Mr Bell: Will the Member give way?
Mr A Maginness: No, I am nearly finished.
Where is the North/South dimension in the Programme for Government? There is no serious expansion of the North/South — [Interruption.] I hear that Members on the DUP Benches agree with that, but there must be progress on that.
Mr Deputy Speaker: The Member’s time is almost up.
Mr A Maginness: There is enormous economic potential to be gained from us working together, North and South. We must work hard to develop that dimension.
Mr Irwin (The Deputy Chairperson of the Committee for Culture, Arts and Leisure): The Committee first considered this matter on 15 December 2011, when it received correspondence from the Committee for the Office of the First Minister and deputy First Minister asking for the views of the Statutory Committees on the draft Programme for Government and draft investment strategy for Northern Ireland.
Recognising its importance, and in anticipation of receiving that correspondence, the Committee had agreed to write to all the DCAL arm’s-length bodies to seek their views, particularly about whether they felt that any gaps existed, and for their comments on milestones and outputs and on how best to monitor progress.

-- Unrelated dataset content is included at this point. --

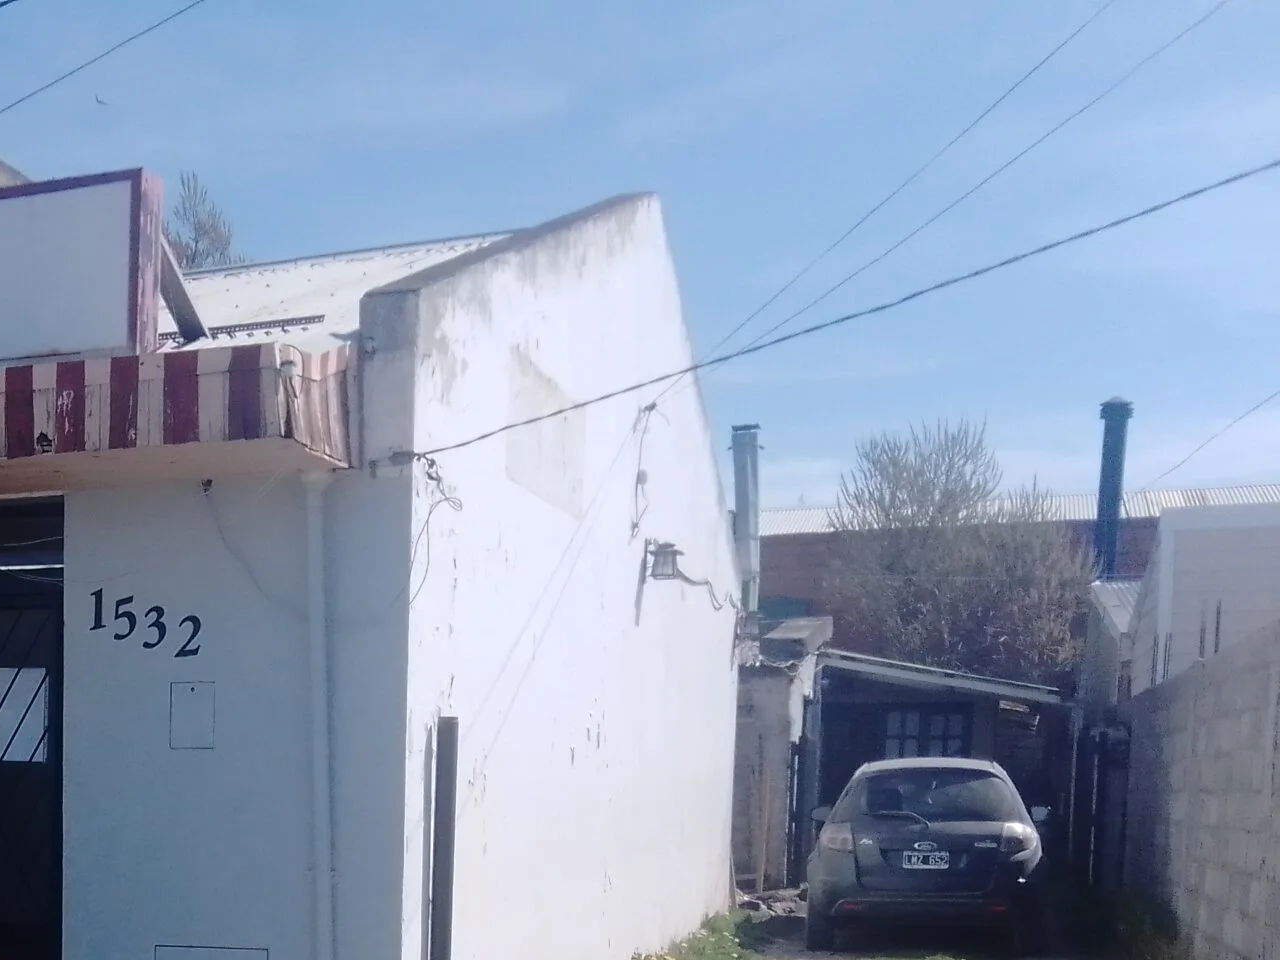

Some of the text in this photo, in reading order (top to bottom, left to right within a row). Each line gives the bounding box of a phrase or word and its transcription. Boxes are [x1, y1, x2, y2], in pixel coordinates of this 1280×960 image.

[89, 587, 202, 658] 1532
[905, 855, 948, 866] LMZ 652

The Committee received and considered responses from six arm’s-length bodies: the Arts Council of Northern Ireland, Foras na Gaeilge, Libraries NI, NI Screen, the Northern Ireland Museums Council and Sport NI. It also took views from DCAL officials, focusing in particular on the Department’s commitments in the strategy and its delivery vehicles. The Committee noted with some concern that DCAL is responsible for the delivery of only three of the 82 commitments in the Programme for Government: namely, to support 200 projects through the creative industries innovation fund; to develop sports stadiums as agreed with the IFA, the GAA and Ulster Rugby; and to host the World Police and Fire Games in 2013. Although they appear significant, those three commitments form less than 4% of the Executive’s targets and are, in most cases, already well advanced. Although the Committee in no way underestimates the huge task that now faces the Department to successfully complete the implementation of the projects and notes the significant contribution that they can make to the Northern Ireland economy if success is achieved, it questions whether the three given commitments are sufficiently challenging for the Department over the 2011-15 period.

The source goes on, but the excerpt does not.